If you listen to most pundits, you would think housing is on its way back.
But I don't listen to people. I do my own research and make up my mind.
And what I've found is that this housing rally is a double-edged sword. But if you're smart you take advantage of its potential while eliminating much of its real risks.
The one edge: A more active market is undoubtedly good for the economy, since it leaves less money trapped in houses people no longer want. But rising prices are not good news, as I explain below.
The other: There are still some excellent opportunities in the real estate sector through real estate investment trusts (REITs), but you need to be very selective (also below).
And as usual, it's all about 3 things: location, location, location.
Except this time around, it's not the locations you would think.
A Cautionary Tale
Let me explain by example…
I have just returned from Britain and the trajectory of that economy shows very clearly: High real estate prices are a major competitive disadvantage.

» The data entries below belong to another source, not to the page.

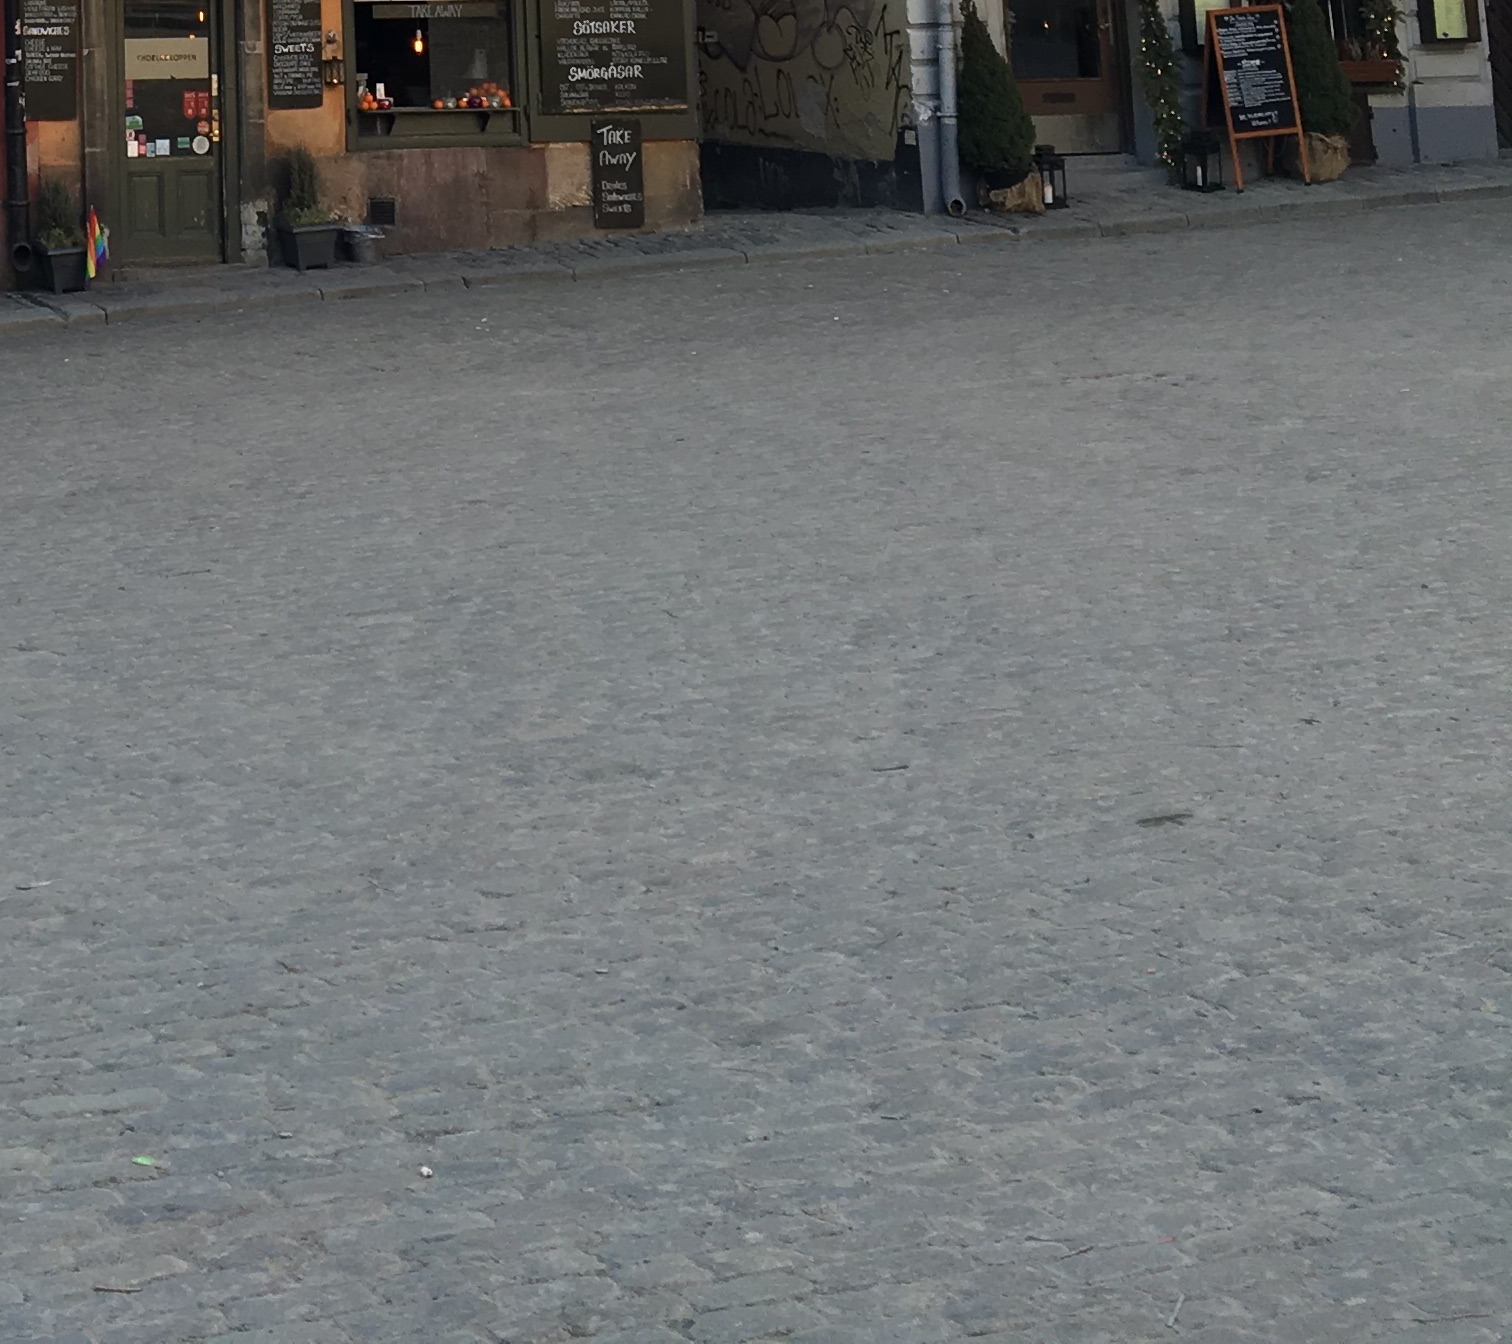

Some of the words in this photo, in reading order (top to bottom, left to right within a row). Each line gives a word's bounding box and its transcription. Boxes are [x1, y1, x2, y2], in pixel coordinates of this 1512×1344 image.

[573, 20, 636, 36] SÖTSAKER
[275, 43, 315, 54] SWEETS
[568, 63, 644, 81] SMÖRGÅSAR
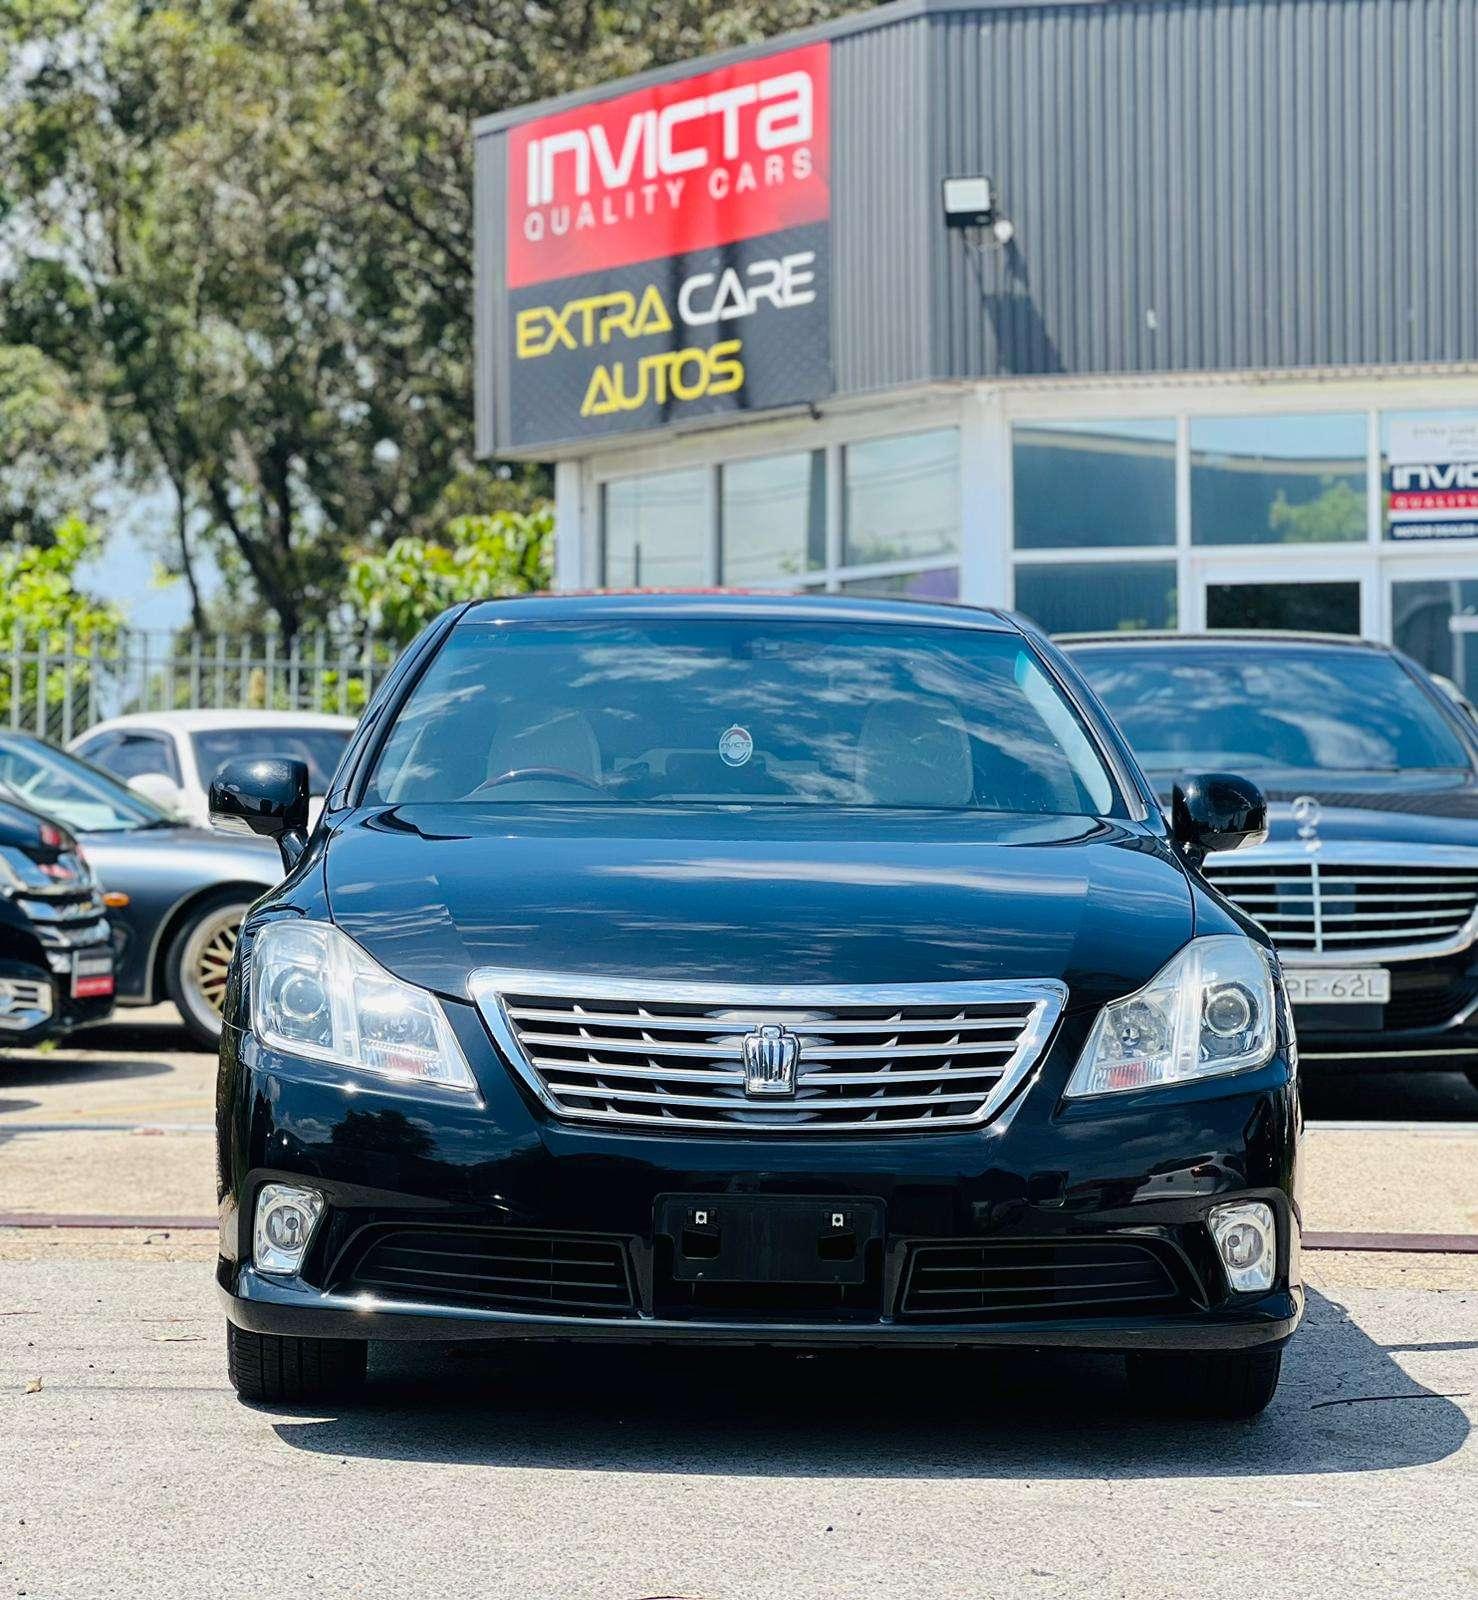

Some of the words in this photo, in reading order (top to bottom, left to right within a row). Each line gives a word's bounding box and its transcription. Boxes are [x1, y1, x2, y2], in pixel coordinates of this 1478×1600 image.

[527, 70, 814, 207] INVICTA
[524, 178, 686, 242] QUALITY
[708, 147, 813, 199] CARS
[516, 284, 673, 360] EXTRA
[678, 250, 815, 327] CARE
[581, 339, 746, 417] AUTOS

House prices in Britain are much higher than in the United States. The average house price in June 2013, according to Rightmove's house price index, was 253,000 pounds, about $382,000 at today's exchange rates.
That compares with about $266,000 in the U.S., taking a weighted average of new and existing home sales prices. However, you have to add into this calculation the reality that British incomes are only around 80% of U.S. incomes, when converted at market exchange rates (about 75% at purchasing power parity).
So in terms of earning power, U.K. house prices average about 80% higher than U.S. house prices.
That doesn't take into account the fact that British houses are on average substantially smaller than U.S. houses, or the exorbitant additional costs of trying to live in London, Britain's bloated capital, where house prices have been pushed up by the advent of wealthy Russians.
This isn't just bad luck for Brits, it imposes huge additional costs on the economy. When the Bank of England wanted to attract the Canadian Mark Carney as its new Governor, it had to pay him a housing allowance of 250,000 pounds annually, tax-free, on top of his already substantial salary.
The same premium applies in a hidden way at all levels of the income spectrum. Ordinary blue-collar and white-collar workers must be paid extra to cover the cost of their expensive homes, especially in southeast England.
The more mobile of them are tempted by job offers paying similar wages, but in locations where real estate is much cheaper. For example, to duplicate my Poughkeepsie, NY house near my hometown of Cheltenham would run me 4x more – so in practice, if I returned to England I would have to accept a substantial reduction in lifestyle.
And the same is true for office, commercial and industrial space. It was headline news in 1984 when London became more expensive than New York for prime office rents.
Today the differential with New York is almost 2 to 1; according to CB Richard Ellis's latest survey total occupancy costs in London's West End are $222.58 per square foot compared to New York's $120.65.
Of course, a similar or even larger differential for retail space adds substantially to the U.K. cost of living and makes British retailing very inefficient compared to the U.S.